■ WHAT THE EXERCISE ASKS
Each line of the listing must be transcribed exactly, except for the images, which should be excluded.

■ DATA FOR THIS EXERCISE
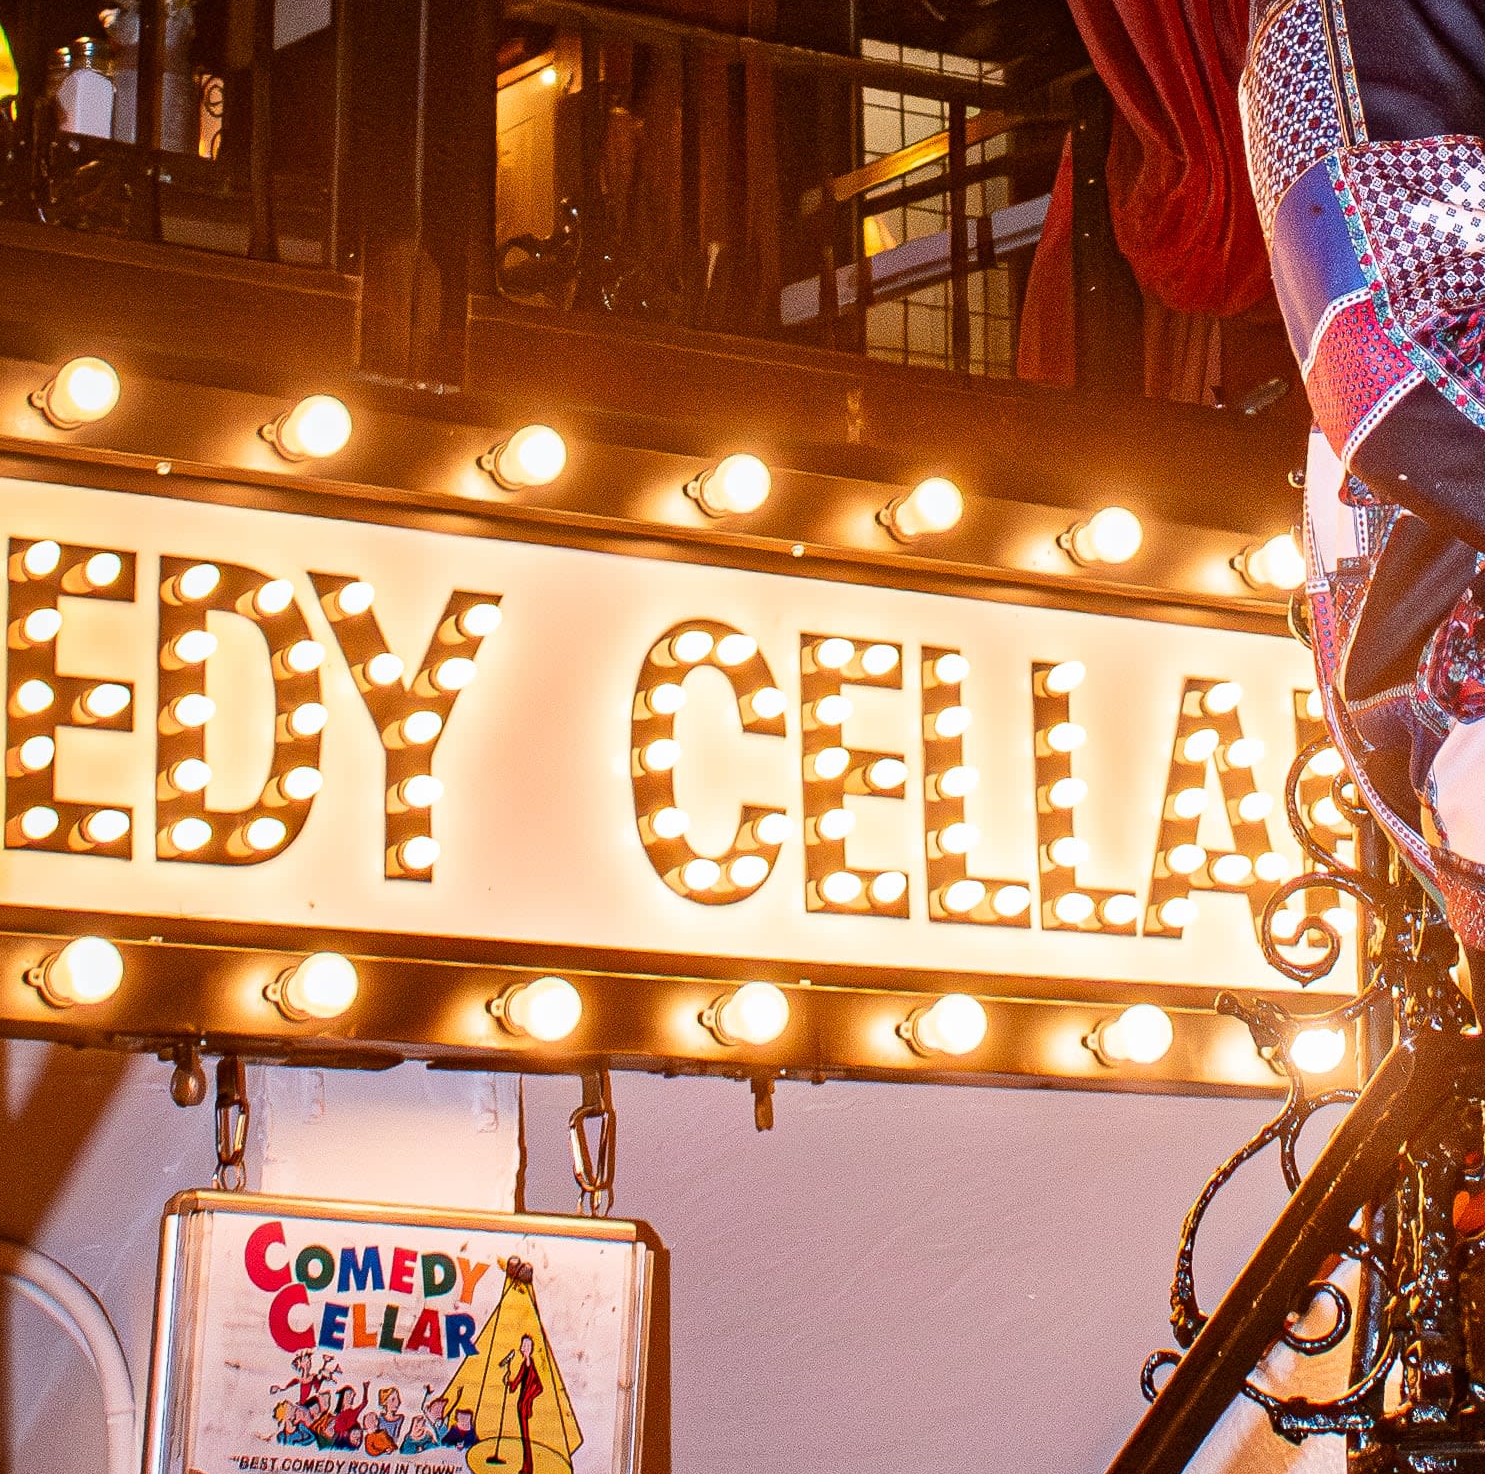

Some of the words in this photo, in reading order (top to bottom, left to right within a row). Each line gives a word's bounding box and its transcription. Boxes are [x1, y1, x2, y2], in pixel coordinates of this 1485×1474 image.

[5, 537, 503, 882] EDY
[244, 1221, 490, 1305] COMEDY
[268, 1283, 479, 1359] CELLAR
[230, 1455, 276, 1471] "BEST
[282, 1458, 346, 1474] COMEDY

■ RESULT BELOW
Some of the words in this photo, in reading order (top to bottom, left to right within a row). Each line gives a word's bounding box and its transcription. Boxes are [x1, y1, x2, y2], in pixel coordinates of this 1485×1474 image.

[5, 537, 503, 882] EDY
[244, 1221, 490, 1305] COMEDY
[268, 1283, 479, 1359] CELLAR
[230, 1455, 276, 1471] "BEST
[282, 1458, 346, 1474] COMEDY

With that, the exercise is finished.